Find the line containing "this 1632×1224 image.". Reproduce it and every line after it up to the end of the records, exactly as written.
_ _ _ _
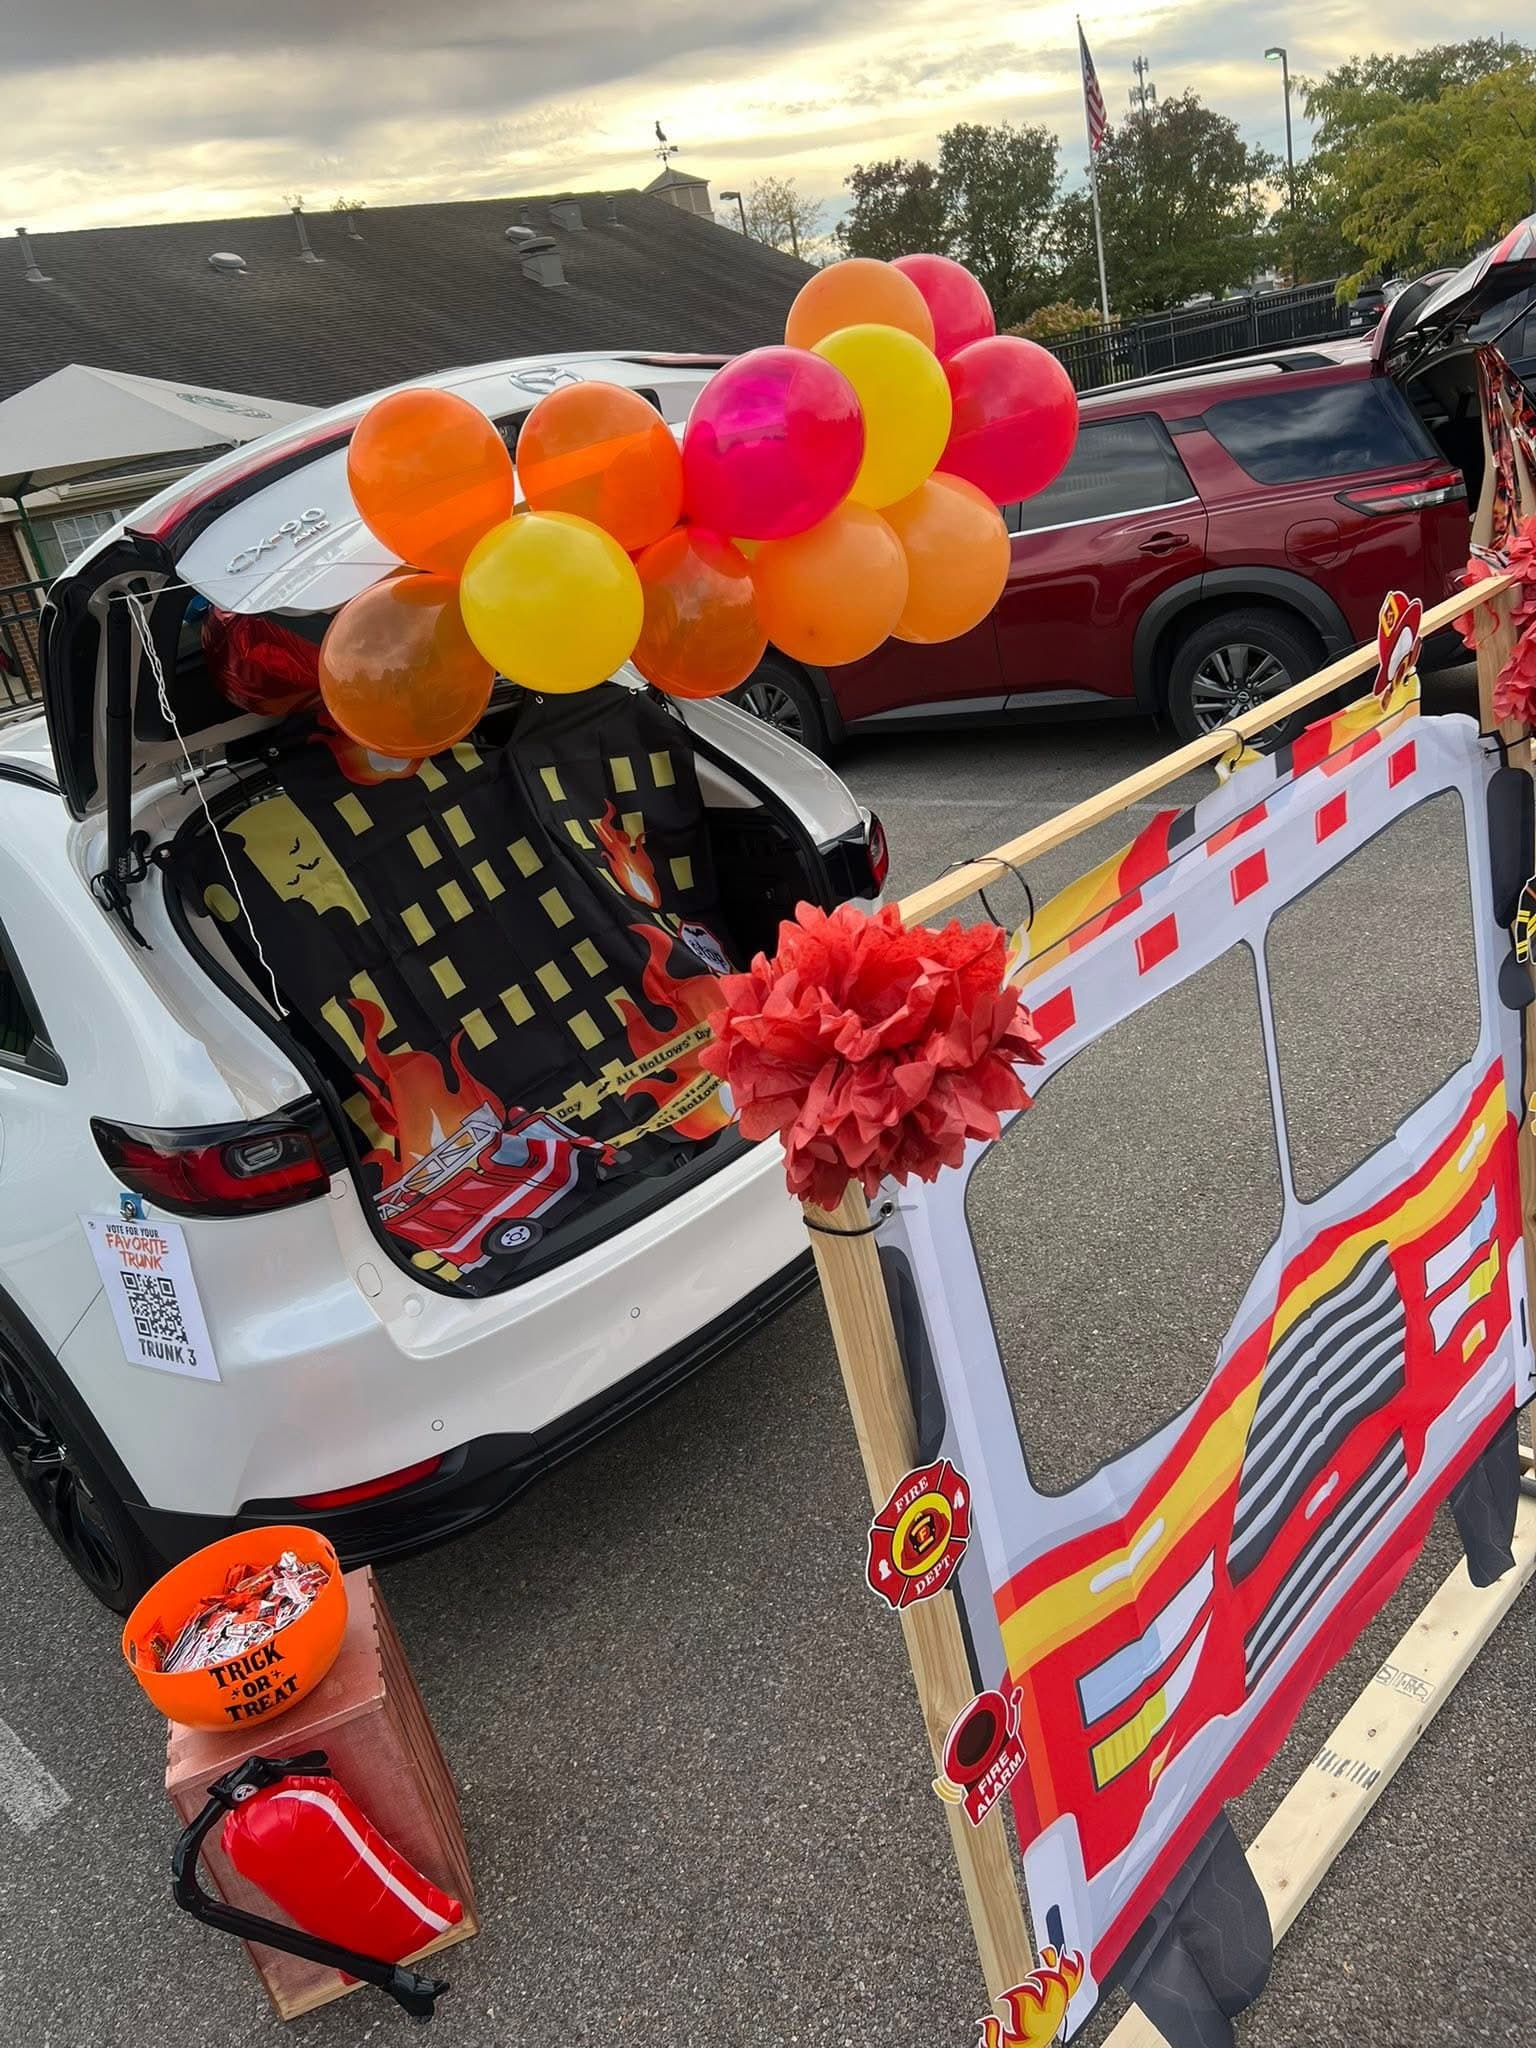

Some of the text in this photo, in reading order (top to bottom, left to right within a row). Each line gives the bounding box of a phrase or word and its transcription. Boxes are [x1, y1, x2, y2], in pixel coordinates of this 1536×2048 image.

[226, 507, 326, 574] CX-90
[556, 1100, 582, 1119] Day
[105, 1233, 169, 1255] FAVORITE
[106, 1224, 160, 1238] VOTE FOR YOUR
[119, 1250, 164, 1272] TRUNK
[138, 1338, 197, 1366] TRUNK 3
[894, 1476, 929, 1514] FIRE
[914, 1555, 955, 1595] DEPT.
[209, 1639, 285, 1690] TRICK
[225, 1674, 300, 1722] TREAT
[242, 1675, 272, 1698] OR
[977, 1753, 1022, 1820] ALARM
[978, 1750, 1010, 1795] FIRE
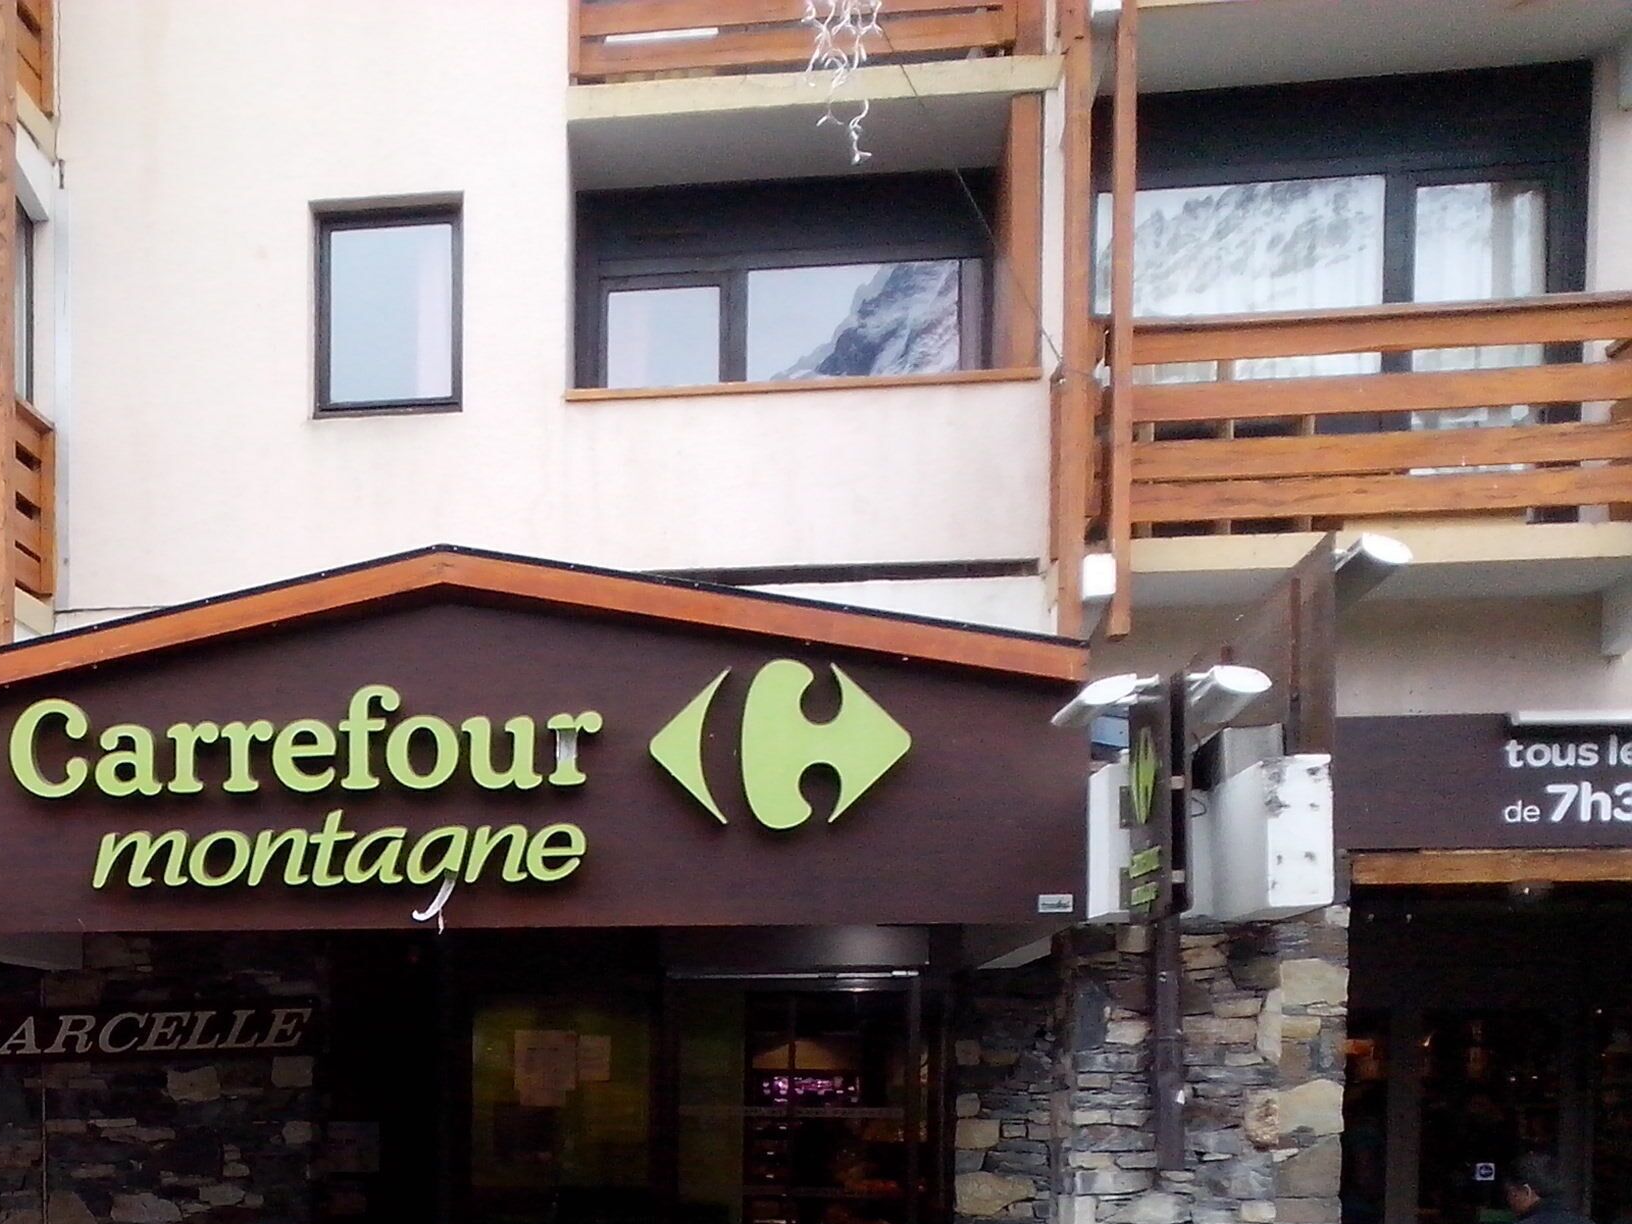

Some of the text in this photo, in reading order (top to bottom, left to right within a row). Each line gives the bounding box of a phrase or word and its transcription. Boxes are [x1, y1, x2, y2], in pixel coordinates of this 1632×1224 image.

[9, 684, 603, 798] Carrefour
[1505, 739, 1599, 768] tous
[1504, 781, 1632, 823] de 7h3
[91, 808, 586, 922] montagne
_ _ _ _
● Response to this task:
Some of the text in this photo, in reading order (top to bottom, left to right within a row). Each line gives the bounding box of a phrase or word and its transcription. Boxes are [x1, y1, x2, y2], in pixel coordinates of this 1632×1224 image.

[9, 684, 603, 798] Carrefour
[1505, 739, 1599, 768] tous
[1504, 781, 1632, 823] de 7h3
[91, 808, 586, 922] montagne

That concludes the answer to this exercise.